We believe that we can do everything on our own, that we’ll be able to get ahead without having to show our weaknesses to other people. Perhaps we took a crash course in self-help and learned that we have to boost our self-esteem, but we went overboard.

Each of us has talents and great value, but we’re not omnipotent. (New Age gurus lie to us by telling us that the power of our mind is infinite, which is clearly not true.)

We are not invincible

The reality of our lives is that each of us has good qualities and strengths that we can and should cultivate and enhance. But it’s also true that we aren’t invincible. We face difficulties and we don’t always have all the tools we need to overcome them.

For this reason, it doesn’t make sense to think that we can always resolve our problems on our own. Instead of always being fiercely independent, we should recognize that we can’t reach our goals without asking for help from others.

Relying on others helps us to reach our goals on both the physical and supernatural levels. Being ready to ask for help is always useful, in everyday circumstances, such as getting a jar off a shelf that we can’t reach in the supermarket.

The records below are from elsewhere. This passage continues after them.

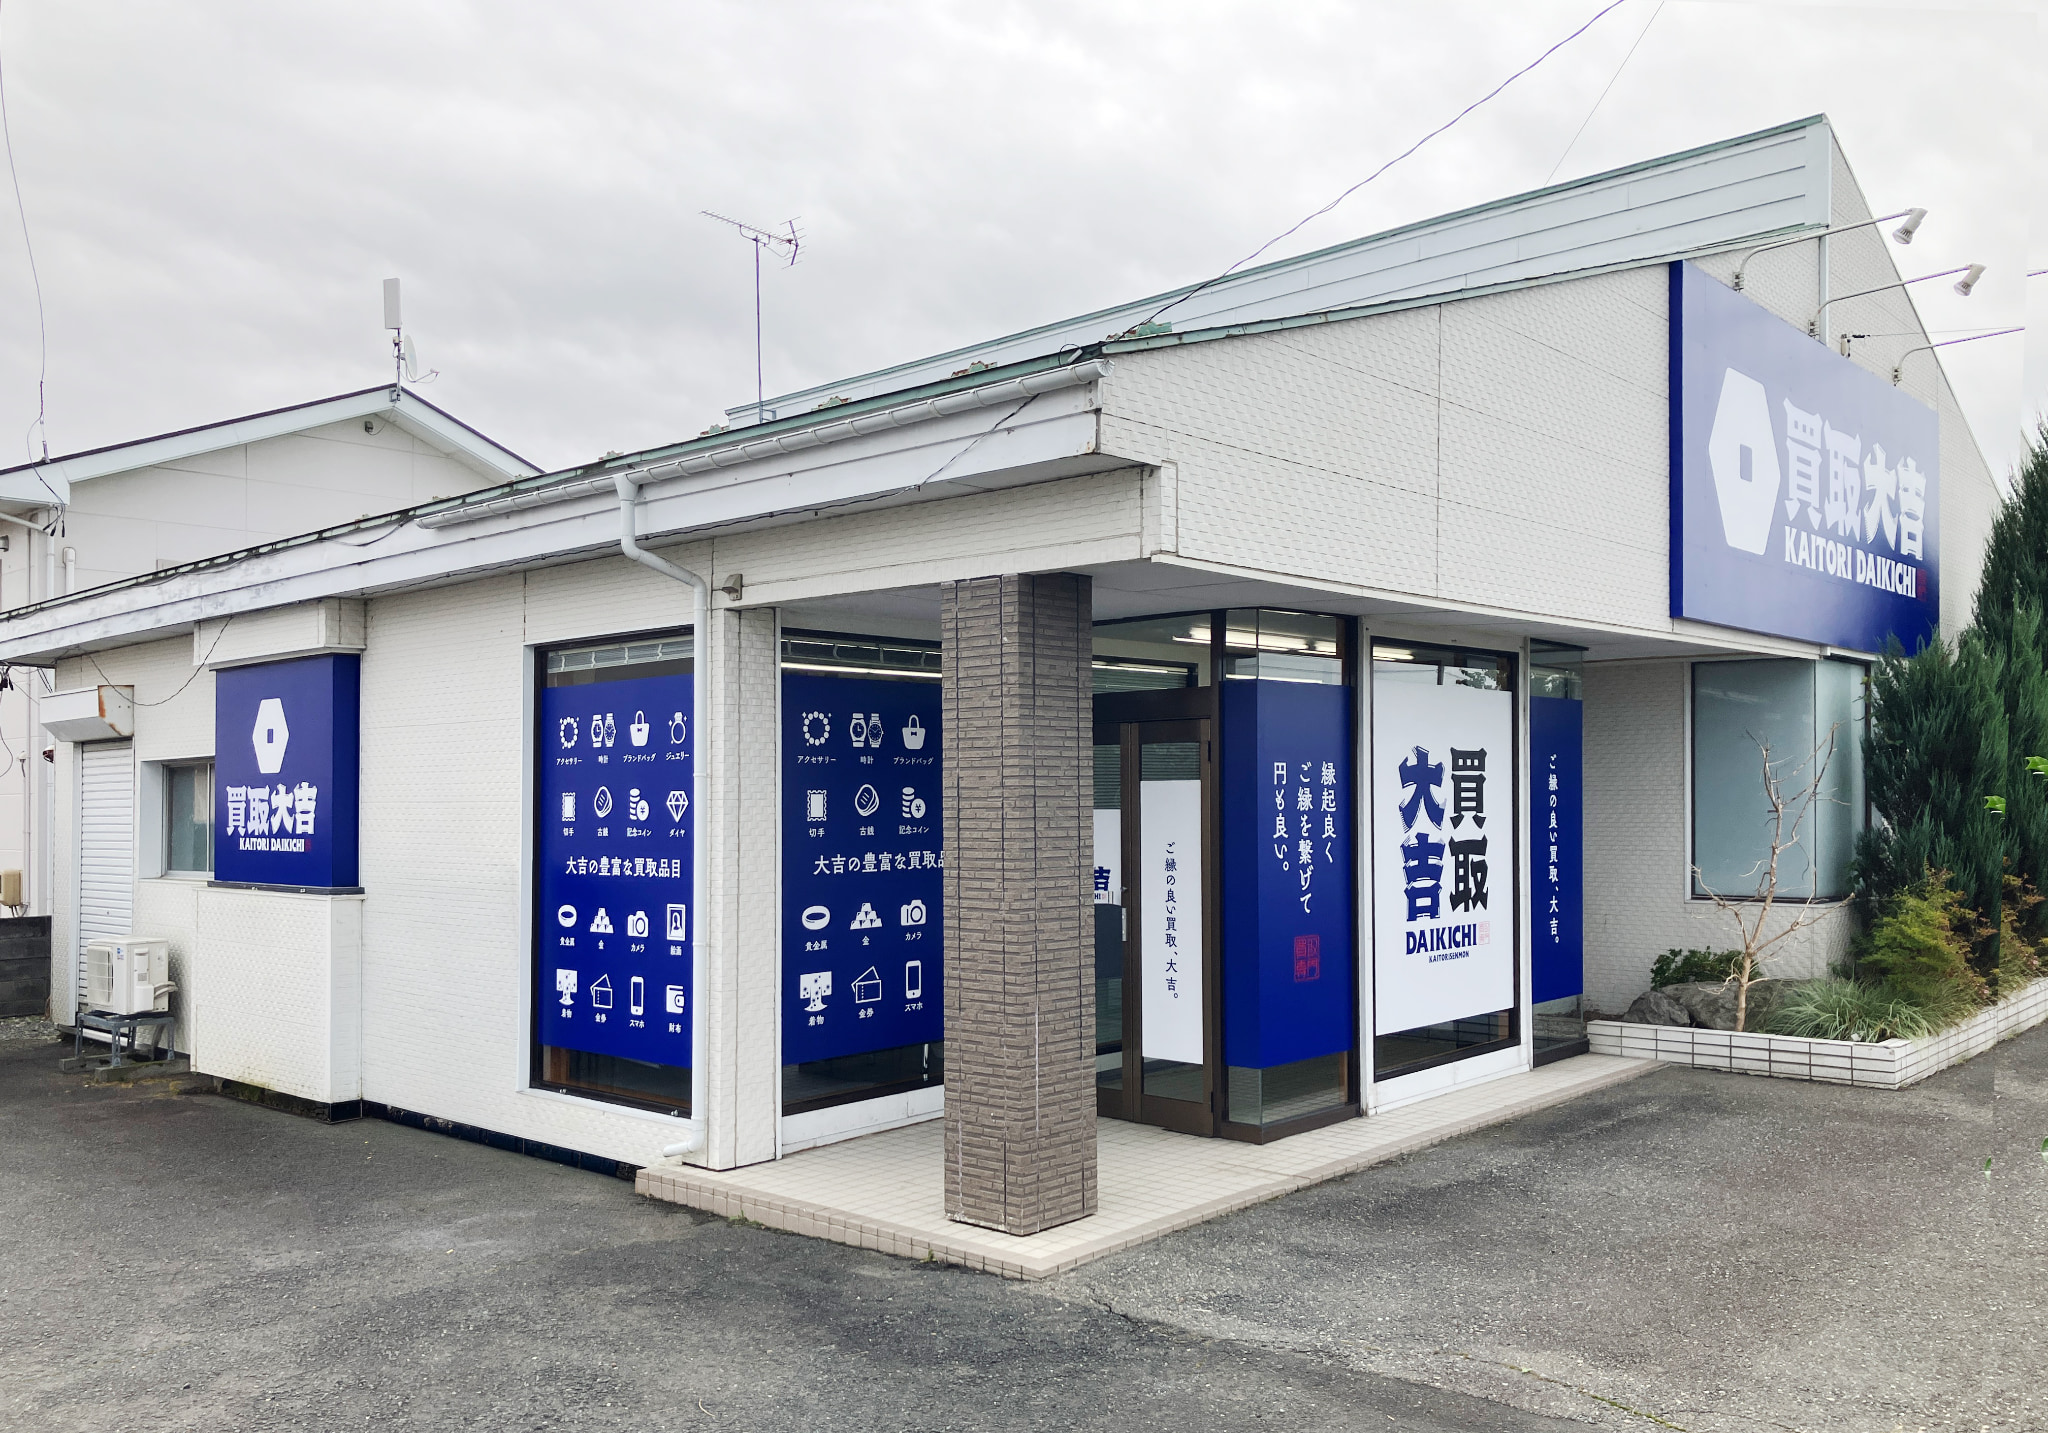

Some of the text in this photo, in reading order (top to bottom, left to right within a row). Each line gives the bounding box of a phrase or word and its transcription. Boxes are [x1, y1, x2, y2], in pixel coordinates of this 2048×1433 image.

[1783, 397, 1927, 561] 買取大吉
[1784, 525, 1853, 580] KAITORI
[1856, 549, 1917, 598] DAIKICHI
[665, 751, 690, 761] ジュエリー
[797, 755, 837, 764] アクセサリー
[860, 755, 874, 765] 時計
[893, 756, 935, 765] ブランドバッグ
[226, 781, 318, 836] 買取大吉
[1320, 760, 1337, 864] 縁起良く
[1273, 761, 1290, 872] 円も良い。
[669, 828, 686, 838] ダイヤ
[808, 827, 825, 838] 切手
[859, 825, 875, 836] 古銭
[898, 824, 930, 835] 記念コイン
[1398, 745, 1447, 922] 大吉
[1449, 746, 1489, 913] 買取
[1296, 761, 1314, 914] ご縁を繋げて
[239, 837, 270, 851] KAITORI
[271, 838, 305, 852] DAIKICHI
[1548, 754, 1560, 944] ご縁の良い買取、大吉。
[565, 855, 681, 879] 大吉の豊富な買取品目
[1165, 841, 1178, 999] ご縁の良い買取、大吉。
[861, 935, 870, 946] 金
[905, 931, 922, 941] カメラ
[1405, 923, 1477, 955] DAIKICHI
[630, 943, 645, 953] カメラ
[805, 939, 828, 952] 貴金属
[904, 1001, 924, 1012] スマホ
[629, 1019, 645, 1029] スマホ
[808, 1014, 825, 1027] 着物
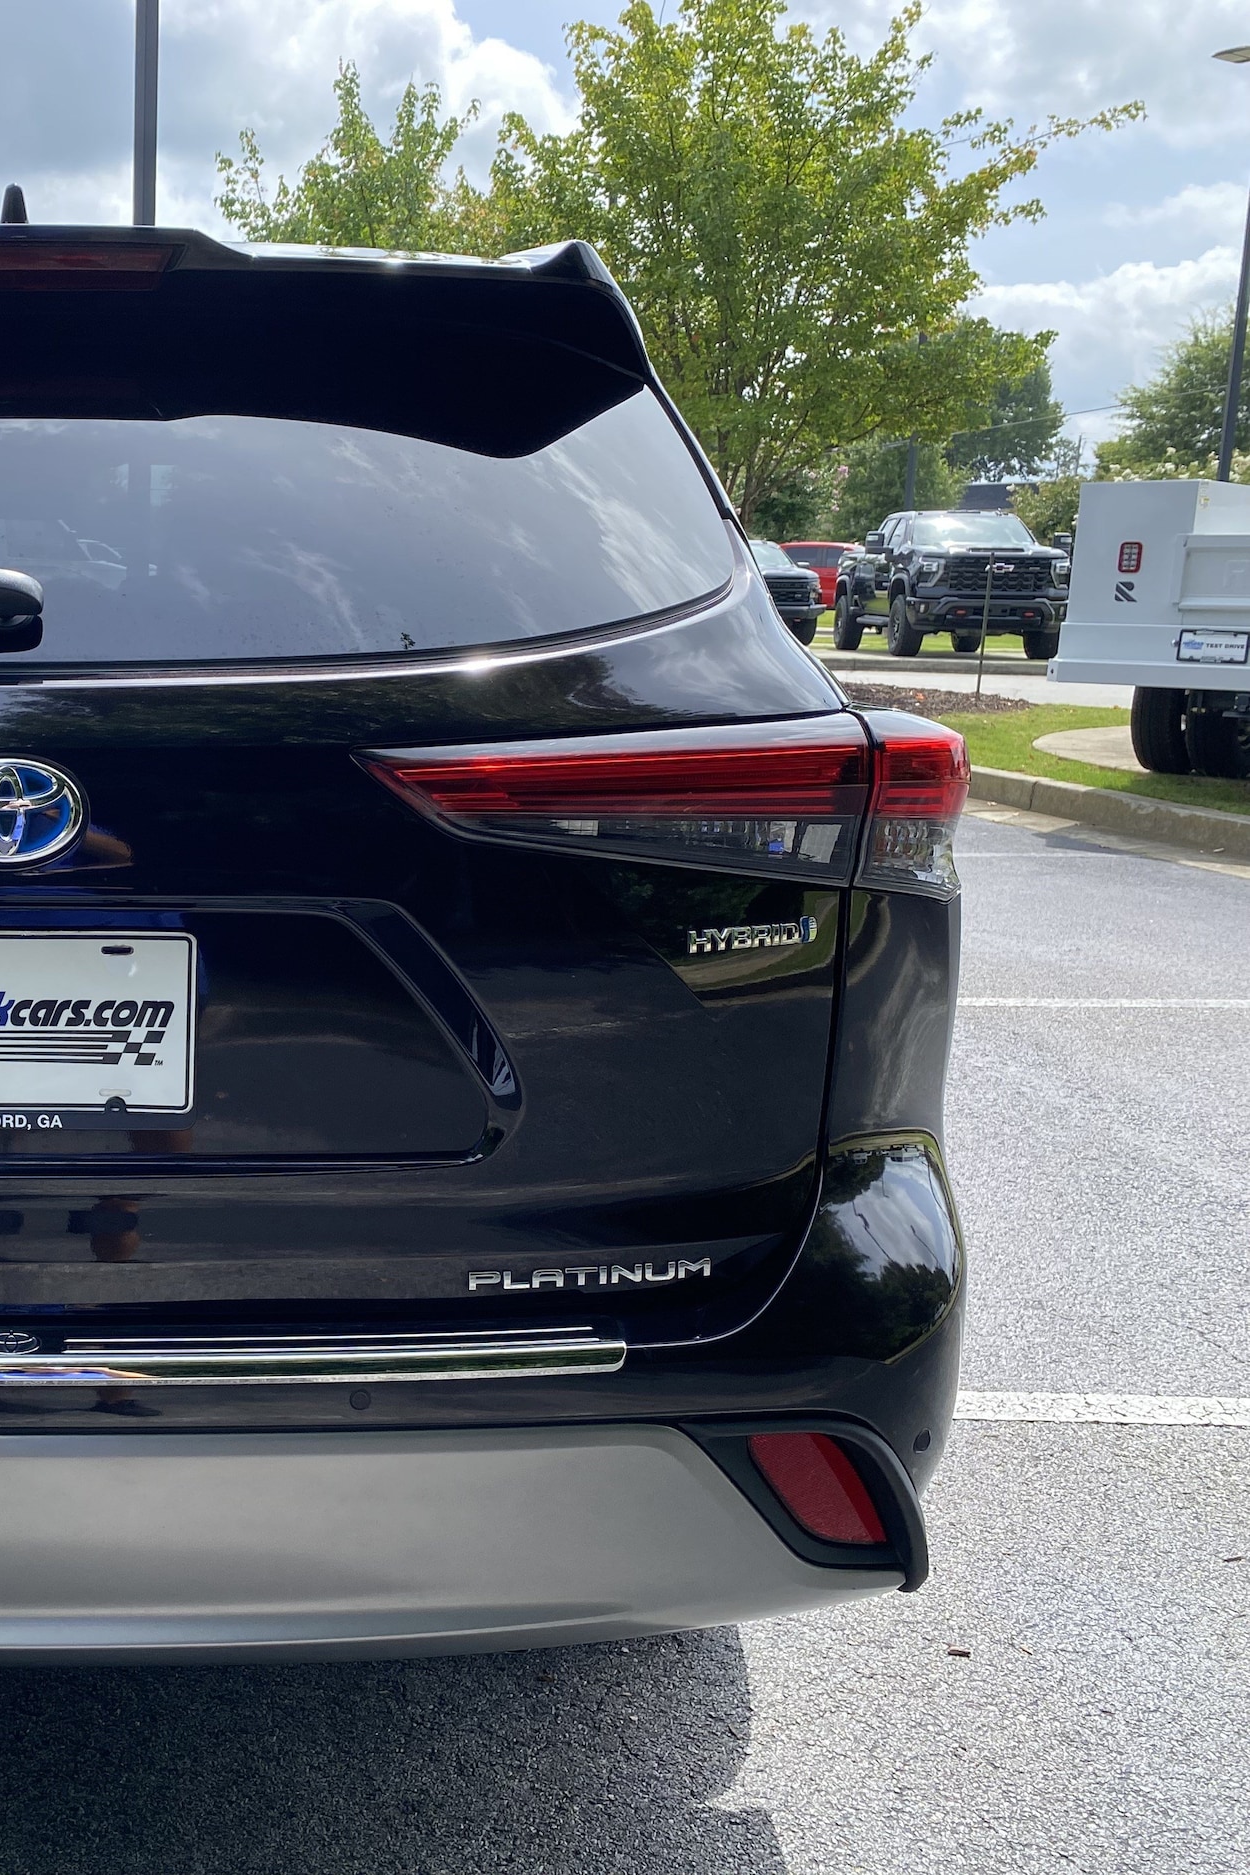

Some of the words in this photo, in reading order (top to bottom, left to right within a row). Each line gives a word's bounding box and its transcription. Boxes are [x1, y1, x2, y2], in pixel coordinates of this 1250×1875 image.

[688, 922, 800, 954] HYBRID
[37, 1114, 63, 1129] GA
[468, 1257, 711, 1291] PLATINUM

The same principle applies in our interior lives: “No one is saved alone,” says Pope Francis, speaking about fraternity among people in order to be happy on earth and to reach heaven.

We don’t like others to see our weaknesses

Another danger is not asking for help because we don’t want others to know our weakness. “If they find out that this is happening to me, they’re not going to respect me as much,” we think. We proudly choose to preserve our independence rather than talking about our problem sand ask for help.

What would we think of someone who suffers from pneumonia but refuses to go to the doctor? We’d recognize that he’s foolish, wouldn’t we? He’s missing the opportunity to get well and live a better life.

That’s exactly what happens in our lives when we resist asking for help out of fear of what other people will think or say. Vanity ruins thousands of opportunities people have to get help.

So, how can we ask for help?

Asking for help is much easier than we imagine. Let’s reduce it to four simple steps:

  1. Tell someone what’s wrong. Express what your problem is and what help you think you need in order to solve it.
  2. Be straightforward and honest. You don’t need to justify yourself or tell lies in order to convince people to help you. It’s better to acknowledge that we’re simply asking for help, plain and simple. There is no shame in that. We all need help at times.
  3. Trust other people. Don’t make assumptions about whether someone will help you or not. Trust that they will, and you’ll usually be pleasantly surprised. Remember that giving to others is one of the natural goals of human nature, so when we ask for a favor, we’re actually putting into action the most human part of our humanity. We’re asking for an act of love, expressed in the other person’s generosity.
  4. Be grateful. Whatever the other person’s response, say “thank you.” That person has given you the opportunity to step outside yourself, to be humble and sincere, and to open up to other people. It’s something you learn by practicing.